**Instructions to follow:**
Your answer must be an exact copy of the data below, minus any pictures.

**Input data:**
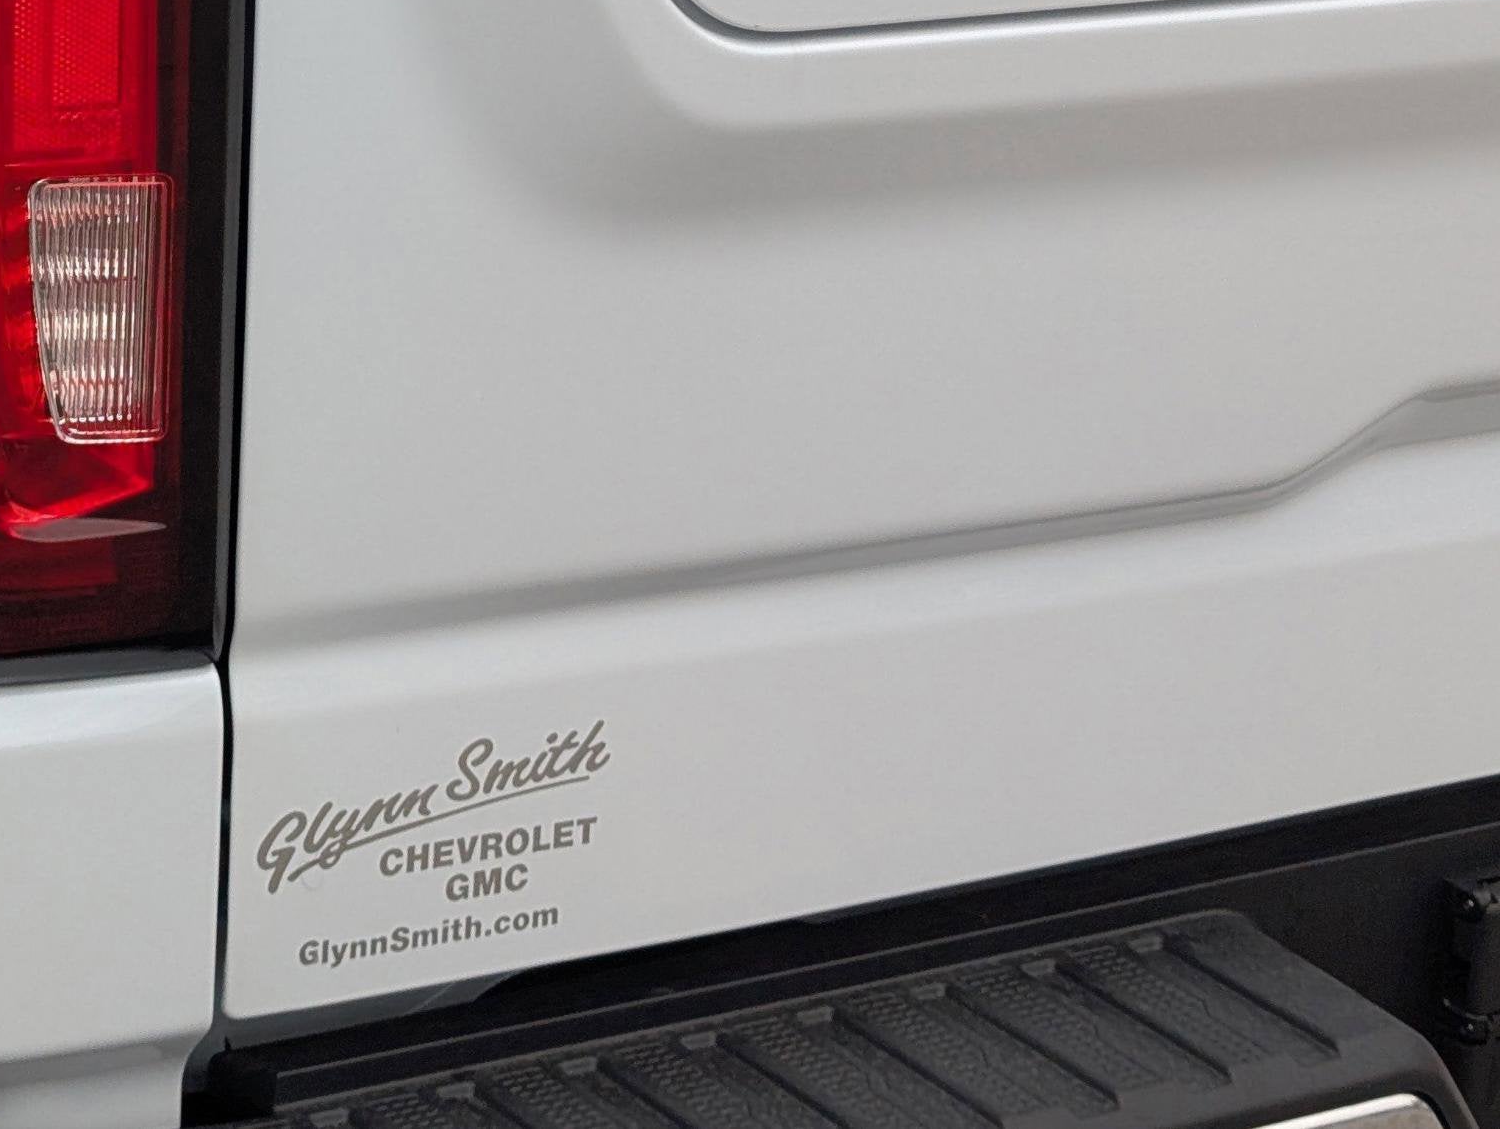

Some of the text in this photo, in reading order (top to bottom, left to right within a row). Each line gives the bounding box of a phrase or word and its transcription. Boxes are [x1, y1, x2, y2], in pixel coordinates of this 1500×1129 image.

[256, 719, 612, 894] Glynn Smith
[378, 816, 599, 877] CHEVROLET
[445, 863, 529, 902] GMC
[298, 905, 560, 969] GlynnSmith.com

**Response:**
Some of the text in this photo, in reading order (top to bottom, left to right within a row). Each line gives the bounding box of a phrase or word and its transcription. Boxes are [x1, y1, x2, y2], in pixel coordinates of this 1500×1129 image.

[256, 719, 612, 894] Glynn Smith
[378, 816, 599, 877] CHEVROLET
[445, 863, 529, 902] GMC
[298, 905, 560, 969] GlynnSmith.com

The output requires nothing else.